100 years ago

Ninety per cent of the youthful criminals and delinquents placed in the charge of the New York Juvenile Association had been turned into exemplary citizens after having had their defective teeth properly treated.

This statement was made by Charles D Hills, chairman of the Republican National Committee, who attributed juvenile depravity mainly to bad teeth and the resultant defective mastication.

 

50 years ago

Was York two-faced? Was it trying to fool visitors by offering an attractive facade, with rather a dull outlook behind it? These questions were posed after a visit to York’s Guildhall, currently a tourist attraction that rated a place in the Top Ten.

Walking towards the Guildhall building you would notice that the lamps and brackets on each corner had been painted blue and certain decorative work picked out in gold. The result was really effective; an almost elegant touch. But on leaving the Guildhall a glance upward for another admiring look at the lamp on the western corner would find that although the bracket and lamp had been painted blue, there was no gold marking on that side.

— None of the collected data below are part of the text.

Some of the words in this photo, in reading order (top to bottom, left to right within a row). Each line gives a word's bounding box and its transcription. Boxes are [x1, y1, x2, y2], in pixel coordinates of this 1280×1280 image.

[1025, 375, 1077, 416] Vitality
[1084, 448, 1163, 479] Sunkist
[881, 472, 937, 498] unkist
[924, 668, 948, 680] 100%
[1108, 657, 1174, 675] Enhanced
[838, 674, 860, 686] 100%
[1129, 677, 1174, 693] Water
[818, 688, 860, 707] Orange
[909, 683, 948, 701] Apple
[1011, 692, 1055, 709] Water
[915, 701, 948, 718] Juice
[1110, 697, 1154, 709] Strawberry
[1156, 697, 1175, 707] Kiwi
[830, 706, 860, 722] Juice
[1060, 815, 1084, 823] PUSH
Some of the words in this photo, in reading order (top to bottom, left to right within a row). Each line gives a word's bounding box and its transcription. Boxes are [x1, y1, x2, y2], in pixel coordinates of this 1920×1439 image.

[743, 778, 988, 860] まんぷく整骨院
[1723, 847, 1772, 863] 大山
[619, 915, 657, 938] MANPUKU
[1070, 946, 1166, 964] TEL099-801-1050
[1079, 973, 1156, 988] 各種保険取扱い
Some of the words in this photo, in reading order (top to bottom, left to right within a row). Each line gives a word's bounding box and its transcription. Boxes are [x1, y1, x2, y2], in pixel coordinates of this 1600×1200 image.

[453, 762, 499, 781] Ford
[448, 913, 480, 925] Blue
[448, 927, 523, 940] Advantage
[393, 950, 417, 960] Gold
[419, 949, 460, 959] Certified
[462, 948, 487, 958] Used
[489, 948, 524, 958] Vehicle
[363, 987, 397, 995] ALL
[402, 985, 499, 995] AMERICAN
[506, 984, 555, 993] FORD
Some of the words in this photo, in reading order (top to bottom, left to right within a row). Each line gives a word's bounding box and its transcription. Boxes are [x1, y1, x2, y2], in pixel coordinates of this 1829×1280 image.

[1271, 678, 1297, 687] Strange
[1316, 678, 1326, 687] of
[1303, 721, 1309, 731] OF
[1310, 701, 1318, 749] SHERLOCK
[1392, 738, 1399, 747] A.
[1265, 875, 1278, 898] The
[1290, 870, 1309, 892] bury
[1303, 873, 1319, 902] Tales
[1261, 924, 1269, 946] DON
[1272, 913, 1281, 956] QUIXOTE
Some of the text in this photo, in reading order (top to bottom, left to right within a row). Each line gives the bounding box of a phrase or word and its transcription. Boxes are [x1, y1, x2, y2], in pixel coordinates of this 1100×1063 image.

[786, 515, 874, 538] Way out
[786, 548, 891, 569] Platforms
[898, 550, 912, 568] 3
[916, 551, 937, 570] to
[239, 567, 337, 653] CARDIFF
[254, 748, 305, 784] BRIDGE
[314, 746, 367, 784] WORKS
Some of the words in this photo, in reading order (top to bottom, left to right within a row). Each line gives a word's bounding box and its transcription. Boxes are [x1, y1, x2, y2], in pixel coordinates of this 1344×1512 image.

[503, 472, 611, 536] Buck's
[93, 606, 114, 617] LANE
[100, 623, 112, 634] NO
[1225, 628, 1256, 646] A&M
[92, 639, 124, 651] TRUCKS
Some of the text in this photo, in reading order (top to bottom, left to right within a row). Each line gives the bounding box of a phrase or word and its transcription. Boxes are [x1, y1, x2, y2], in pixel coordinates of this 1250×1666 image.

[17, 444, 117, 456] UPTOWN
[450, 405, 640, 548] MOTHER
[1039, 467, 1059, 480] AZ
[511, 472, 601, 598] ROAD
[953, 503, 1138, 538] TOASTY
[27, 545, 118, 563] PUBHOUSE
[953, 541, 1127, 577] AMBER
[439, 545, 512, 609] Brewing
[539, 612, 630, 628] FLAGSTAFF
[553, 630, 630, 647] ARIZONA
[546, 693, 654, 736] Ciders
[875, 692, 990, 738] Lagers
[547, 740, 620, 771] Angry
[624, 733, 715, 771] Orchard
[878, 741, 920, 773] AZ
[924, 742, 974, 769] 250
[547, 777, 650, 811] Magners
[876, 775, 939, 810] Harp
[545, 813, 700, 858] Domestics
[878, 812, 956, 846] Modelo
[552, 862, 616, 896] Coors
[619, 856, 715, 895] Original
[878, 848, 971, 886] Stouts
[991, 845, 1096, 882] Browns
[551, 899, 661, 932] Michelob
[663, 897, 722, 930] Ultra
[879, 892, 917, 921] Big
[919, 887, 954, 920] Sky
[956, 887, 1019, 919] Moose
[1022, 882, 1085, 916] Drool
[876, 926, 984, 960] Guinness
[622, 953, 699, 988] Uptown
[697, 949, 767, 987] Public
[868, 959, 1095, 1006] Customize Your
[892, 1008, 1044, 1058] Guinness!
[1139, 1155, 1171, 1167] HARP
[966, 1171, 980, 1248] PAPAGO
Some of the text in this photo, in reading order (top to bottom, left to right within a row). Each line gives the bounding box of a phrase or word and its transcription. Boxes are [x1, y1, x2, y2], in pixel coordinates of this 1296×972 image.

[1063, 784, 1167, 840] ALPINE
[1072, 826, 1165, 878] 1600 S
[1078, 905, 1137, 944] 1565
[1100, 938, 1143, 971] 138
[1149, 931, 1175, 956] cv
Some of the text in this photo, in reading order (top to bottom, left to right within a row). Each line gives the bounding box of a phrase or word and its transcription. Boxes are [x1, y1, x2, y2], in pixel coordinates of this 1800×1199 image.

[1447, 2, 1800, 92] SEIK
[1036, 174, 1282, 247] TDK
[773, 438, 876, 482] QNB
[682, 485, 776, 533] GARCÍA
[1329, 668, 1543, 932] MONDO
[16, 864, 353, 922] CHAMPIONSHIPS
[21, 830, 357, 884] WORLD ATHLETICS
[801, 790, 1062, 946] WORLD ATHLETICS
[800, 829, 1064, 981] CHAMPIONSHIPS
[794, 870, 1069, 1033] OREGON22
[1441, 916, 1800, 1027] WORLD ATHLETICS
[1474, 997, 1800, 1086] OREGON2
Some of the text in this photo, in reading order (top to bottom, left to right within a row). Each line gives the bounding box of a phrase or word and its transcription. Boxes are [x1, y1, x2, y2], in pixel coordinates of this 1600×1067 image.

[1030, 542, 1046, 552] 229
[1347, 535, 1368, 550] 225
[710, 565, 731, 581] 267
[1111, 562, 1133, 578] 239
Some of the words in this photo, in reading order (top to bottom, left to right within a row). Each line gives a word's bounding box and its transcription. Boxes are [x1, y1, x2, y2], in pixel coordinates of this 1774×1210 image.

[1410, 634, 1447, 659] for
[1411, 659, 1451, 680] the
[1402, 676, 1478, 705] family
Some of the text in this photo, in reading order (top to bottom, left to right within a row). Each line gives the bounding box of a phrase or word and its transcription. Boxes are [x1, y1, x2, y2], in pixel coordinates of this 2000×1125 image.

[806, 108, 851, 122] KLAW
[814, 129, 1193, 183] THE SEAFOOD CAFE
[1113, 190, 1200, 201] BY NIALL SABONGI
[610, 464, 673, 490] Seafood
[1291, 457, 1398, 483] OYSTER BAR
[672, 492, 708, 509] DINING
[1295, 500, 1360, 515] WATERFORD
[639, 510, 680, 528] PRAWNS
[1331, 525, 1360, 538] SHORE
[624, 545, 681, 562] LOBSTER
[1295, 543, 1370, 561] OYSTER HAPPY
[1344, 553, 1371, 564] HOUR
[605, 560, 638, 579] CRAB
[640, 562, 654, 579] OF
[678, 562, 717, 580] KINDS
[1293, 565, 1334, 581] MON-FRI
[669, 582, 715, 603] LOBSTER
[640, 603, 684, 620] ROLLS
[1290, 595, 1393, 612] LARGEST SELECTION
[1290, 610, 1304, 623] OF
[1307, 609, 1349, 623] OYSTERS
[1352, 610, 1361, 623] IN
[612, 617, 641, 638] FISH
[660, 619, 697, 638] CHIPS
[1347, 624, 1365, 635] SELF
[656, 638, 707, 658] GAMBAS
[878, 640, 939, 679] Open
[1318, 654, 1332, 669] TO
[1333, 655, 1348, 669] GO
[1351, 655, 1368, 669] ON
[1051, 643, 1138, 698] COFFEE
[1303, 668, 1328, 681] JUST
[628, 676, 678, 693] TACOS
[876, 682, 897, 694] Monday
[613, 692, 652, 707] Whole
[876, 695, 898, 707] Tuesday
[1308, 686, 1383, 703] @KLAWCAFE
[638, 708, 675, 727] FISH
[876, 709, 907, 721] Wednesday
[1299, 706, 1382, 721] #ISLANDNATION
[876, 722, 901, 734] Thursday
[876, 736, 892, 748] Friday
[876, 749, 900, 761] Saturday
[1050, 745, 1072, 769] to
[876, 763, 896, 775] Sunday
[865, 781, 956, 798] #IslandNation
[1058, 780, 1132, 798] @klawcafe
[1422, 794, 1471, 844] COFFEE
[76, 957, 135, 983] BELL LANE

On checking the other lamp, on the opposite corner, you would find that it too had no gold on the two sides facing away from the Mansion House. Was this a cheese-paring economy measure? We hoped our visitors did not get the wrong impression if they, too, took the trouble to look at the lamps from behind!

 

25 years ago

Barn owls, it was feared, could be extinct in North Yorkshire by the turn of the century, claimed the Royal Society for the Protection of Birds. There were only 57 pairs left in the county and their population had dwindled by 90 per cent in the last fifty years, a figure significantly above the 70 per cent decline nationally.

Mr Chris Harbard, spokesman for the society, said unless action was taken the birds could soon be wiped out. “We are not 100 per cent sure of the exact causes but with the present level of decline, and if the same factors continue, then it won’t be long before we see the final ones,” he admitted. Mr Colin Shawyer, director of Hawk Trust, said the reasons for the bird’s decline were complex but he outlined four major causes: The loss of hunting habitat and nesting sites caused by changed farming methods and the destruction of half a million miles of hedgerow.

Increased traffic - 5000 birds died on the roads each year. The more severe winters since 1940 combined with the bird’s limited diet. The effect of eating rodents contaminated with modern poisons.